Exactly copy the final stretch of the listing below: the line with "this 1200×1600 image." and every line after it.
● ● ● ● ● ● ●
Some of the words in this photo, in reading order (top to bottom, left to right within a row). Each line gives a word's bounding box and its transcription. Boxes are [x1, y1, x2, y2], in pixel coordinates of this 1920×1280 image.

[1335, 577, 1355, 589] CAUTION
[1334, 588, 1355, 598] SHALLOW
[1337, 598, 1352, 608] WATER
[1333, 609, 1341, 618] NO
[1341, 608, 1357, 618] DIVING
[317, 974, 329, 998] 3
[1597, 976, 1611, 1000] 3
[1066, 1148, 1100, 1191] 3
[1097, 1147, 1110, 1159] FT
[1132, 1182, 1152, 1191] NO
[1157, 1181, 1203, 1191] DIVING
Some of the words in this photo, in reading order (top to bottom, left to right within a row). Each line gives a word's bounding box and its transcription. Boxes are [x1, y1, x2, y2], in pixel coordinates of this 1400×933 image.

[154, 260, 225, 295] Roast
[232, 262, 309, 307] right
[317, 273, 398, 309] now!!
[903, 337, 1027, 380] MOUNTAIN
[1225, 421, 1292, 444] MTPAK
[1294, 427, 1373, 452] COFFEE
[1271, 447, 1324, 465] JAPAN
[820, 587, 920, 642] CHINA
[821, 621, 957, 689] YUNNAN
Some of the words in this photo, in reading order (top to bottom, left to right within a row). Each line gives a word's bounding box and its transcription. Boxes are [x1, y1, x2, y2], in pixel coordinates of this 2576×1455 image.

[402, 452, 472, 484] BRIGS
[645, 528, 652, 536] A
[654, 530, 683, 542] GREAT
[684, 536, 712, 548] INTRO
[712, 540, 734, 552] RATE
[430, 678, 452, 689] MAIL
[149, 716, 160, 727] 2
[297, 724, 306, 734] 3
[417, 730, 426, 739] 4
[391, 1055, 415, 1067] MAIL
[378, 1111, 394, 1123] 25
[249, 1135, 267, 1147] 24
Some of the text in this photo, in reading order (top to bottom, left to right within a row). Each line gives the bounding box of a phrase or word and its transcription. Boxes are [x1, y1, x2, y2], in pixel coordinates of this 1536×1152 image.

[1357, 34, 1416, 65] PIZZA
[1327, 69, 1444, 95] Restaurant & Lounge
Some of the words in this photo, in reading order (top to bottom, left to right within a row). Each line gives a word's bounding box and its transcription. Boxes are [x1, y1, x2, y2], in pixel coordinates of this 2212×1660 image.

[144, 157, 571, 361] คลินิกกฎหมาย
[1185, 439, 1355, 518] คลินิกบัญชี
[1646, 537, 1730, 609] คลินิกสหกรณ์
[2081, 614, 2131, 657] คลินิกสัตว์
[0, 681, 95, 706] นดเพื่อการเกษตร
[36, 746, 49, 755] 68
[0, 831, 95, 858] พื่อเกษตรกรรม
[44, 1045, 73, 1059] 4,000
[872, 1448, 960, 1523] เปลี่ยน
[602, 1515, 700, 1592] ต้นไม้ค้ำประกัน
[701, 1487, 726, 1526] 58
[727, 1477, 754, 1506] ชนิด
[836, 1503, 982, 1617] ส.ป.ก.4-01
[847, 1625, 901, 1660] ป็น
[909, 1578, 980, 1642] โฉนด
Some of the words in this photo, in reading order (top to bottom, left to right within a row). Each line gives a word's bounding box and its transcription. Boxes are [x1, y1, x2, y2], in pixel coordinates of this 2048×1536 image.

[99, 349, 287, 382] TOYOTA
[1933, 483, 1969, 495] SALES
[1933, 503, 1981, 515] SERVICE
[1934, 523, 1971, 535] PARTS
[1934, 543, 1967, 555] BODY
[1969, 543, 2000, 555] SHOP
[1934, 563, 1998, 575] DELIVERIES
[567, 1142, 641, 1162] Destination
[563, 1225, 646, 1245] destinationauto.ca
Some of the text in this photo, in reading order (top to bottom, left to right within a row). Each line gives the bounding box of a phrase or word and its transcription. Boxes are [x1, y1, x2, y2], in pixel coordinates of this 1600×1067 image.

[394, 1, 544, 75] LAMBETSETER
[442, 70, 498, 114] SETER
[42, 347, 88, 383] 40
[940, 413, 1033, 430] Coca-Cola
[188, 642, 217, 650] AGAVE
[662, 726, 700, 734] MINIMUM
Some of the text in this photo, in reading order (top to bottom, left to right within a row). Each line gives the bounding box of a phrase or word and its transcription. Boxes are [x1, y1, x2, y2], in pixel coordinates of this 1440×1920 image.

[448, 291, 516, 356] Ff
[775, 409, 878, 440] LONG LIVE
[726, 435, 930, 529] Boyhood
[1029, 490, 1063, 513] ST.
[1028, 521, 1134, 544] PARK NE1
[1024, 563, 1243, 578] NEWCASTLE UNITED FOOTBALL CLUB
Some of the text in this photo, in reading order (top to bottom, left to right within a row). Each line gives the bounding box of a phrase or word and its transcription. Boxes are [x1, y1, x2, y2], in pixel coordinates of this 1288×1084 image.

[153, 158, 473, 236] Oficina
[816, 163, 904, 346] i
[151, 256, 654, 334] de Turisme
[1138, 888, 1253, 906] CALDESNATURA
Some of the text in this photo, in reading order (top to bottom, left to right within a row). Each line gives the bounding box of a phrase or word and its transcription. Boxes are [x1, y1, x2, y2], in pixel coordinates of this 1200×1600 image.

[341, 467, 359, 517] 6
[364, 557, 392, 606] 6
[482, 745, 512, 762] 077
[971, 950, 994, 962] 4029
● ● ● ● ● ● ●
# RESULT OF THE TASK
Some of the text in this photo, in reading order (top to bottom, left to right within a row). Each line gives the bounding box of a phrase or word and its transcription. Boxes are [x1, y1, x2, y2], in pixel coordinates of this 1200×1600 image.

[341, 467, 359, 517] 6
[364, 557, 392, 606] 6
[482, 745, 512, 762] 077
[971, 950, 994, 962] 4029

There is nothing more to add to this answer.